Top 10 Spring Read Alouds

Spring is such a beautiful time of year. I always feel like I’m coming out of winter hibernation and I’m ready to go. For teachers, it’s a magical time when students begin to bloom. In first grade, they become more independent, fluent readers. There are always some staple stories that I love to share with my students in late March and April. Today I’m going to share my top 10 Spring read alouds and the guided reading units I’ve created to go along with them.

top 10 Spring read alouds

1. “Mel Fell” by Corey R. Tabor

Mel Fell activities

This is hands down my FAVORITE spring book to share. It was given to me by a very special friend last year and I fell in love with this book. This story is read from the top to the bottom instead of side to side. It is about a little bird named Mel who is getting to fly. As Mel walks off the branch she begins to fall. She passes several animals on the way who try to catch her. She splashes into a pond and then the book takes a turn, literally – you have to turn the book to continue reading!

Down in the pond, Mel catches a fish and then flies all the way back to her nest. On her way back up all the animals cheer for her.
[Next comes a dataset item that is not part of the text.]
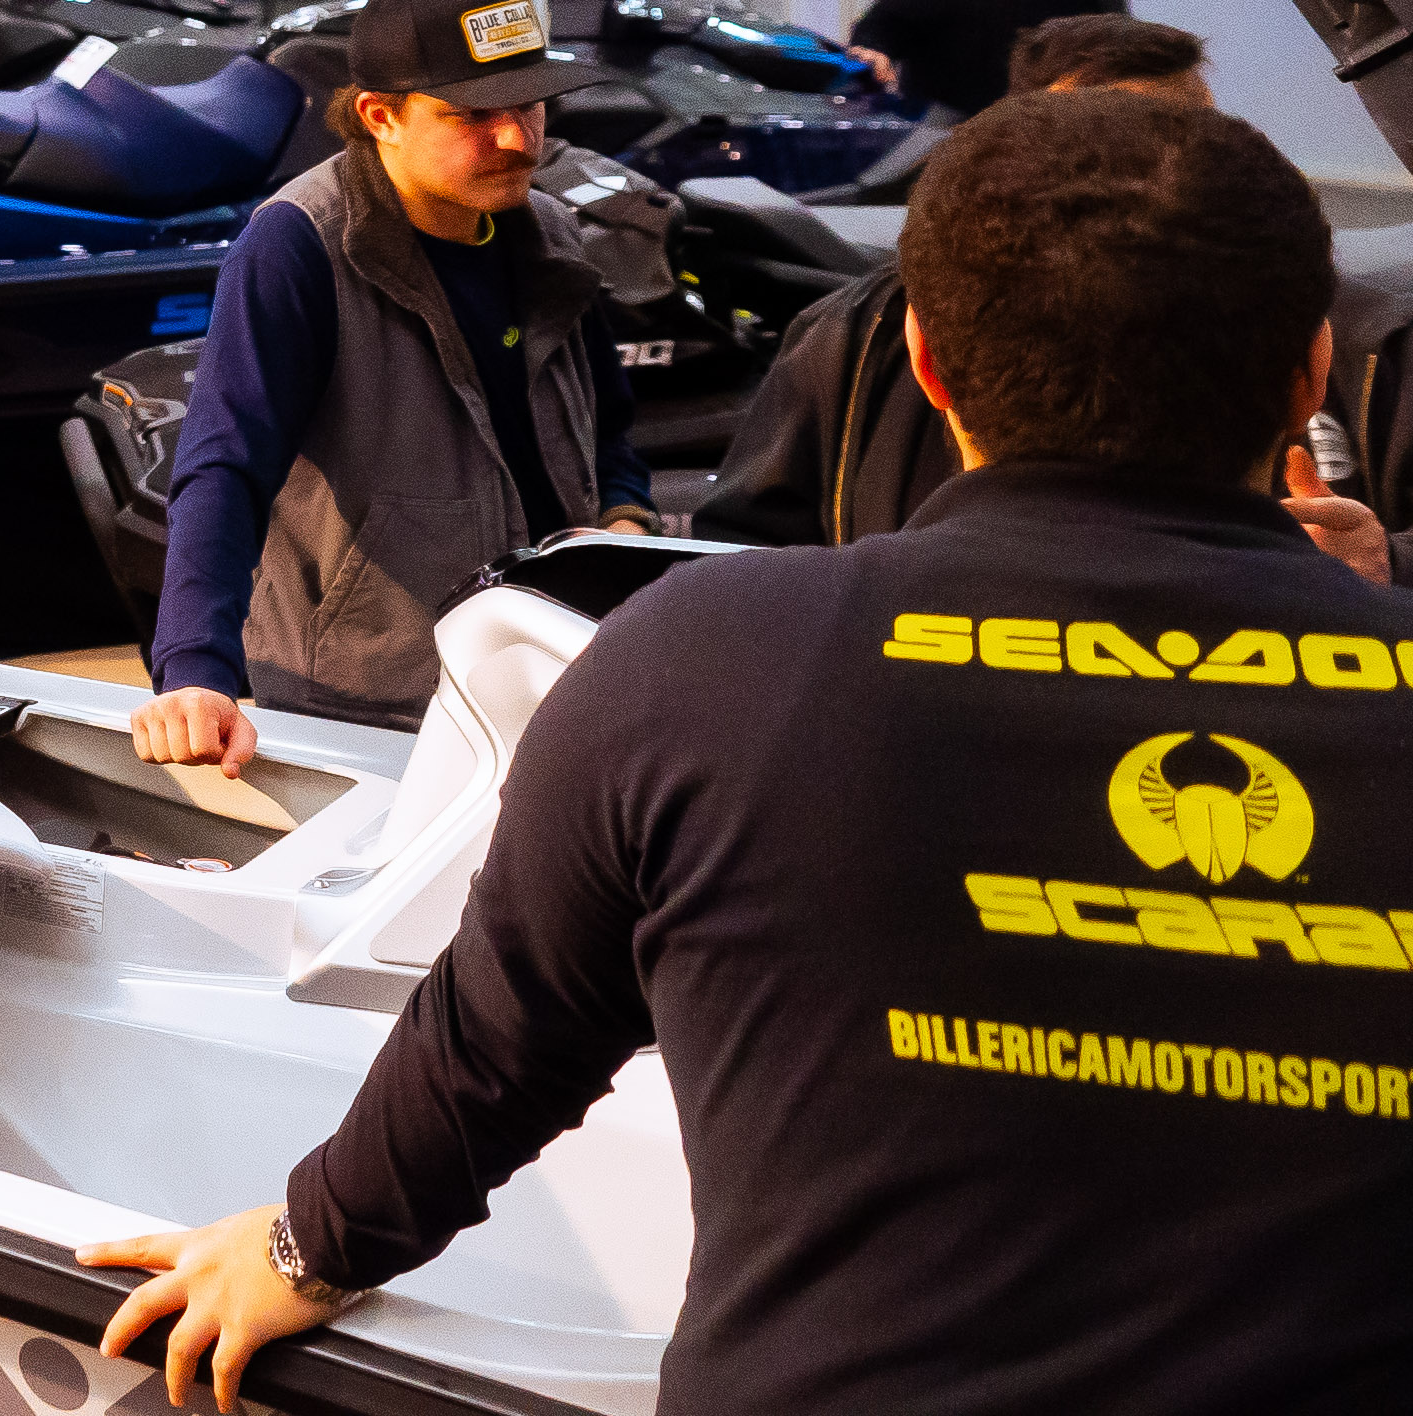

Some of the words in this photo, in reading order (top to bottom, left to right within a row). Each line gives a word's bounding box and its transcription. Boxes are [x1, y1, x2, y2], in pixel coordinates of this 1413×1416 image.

[469, 13, 502, 43] BLUE
[964, 872, 1413, 973] SCARA
[887, 1007, 1413, 1121] BILLERICAMOTORSPOR
When she reaches the top, she is so excited to see her mama and celebrate that she drops the fish.

This book was the recipient of the Caldecott Award in 2021 and I’m here to tell you, it deserved it. Not only is the story charming, but the illustrations are also beautiful. When I shared this with my students, they fell in love too. I used this story for my last classroom observation, and it was a success. This Mel Fell Reading Comprehension Unit paired perfectly with my animal group unit All About Birds.

Click here to purchase Mel Fell on Amazon

2. “Tops and Bottoms” by Janet Stevens

Tops and Bottoms is a classic story that I’ve been reading since I began teaching over 23 years ago. This story is also read from the top to the bottom just like Mel Fell. This is the tale of a lazy bear and a very poor and wise hare. Bear owns the land but doesn’t want to do the work of farming it. Hare’s family needs money, so he decides to help out Bear. He agrees to do all the work if they can split the crops. Bear agrees and Hare gets to work. In a funny twist, Hare picks different crops to plant depending on if Bear wants the tops, bottoms, or middles. In the end, Bear learns a great lesson that he needs to stop being lazy and get up and do the work himself.

The illustrations for this book are AMAZING, which makes it even more fun to read. I love to use this story to discuss cause and effect and the parts of a plant. I read this story when we are doing our Science Plant Unit and it pairs nicely. We also work on character sorting and sequencing with the Tops and Bottoms Reading Comprehension Unit.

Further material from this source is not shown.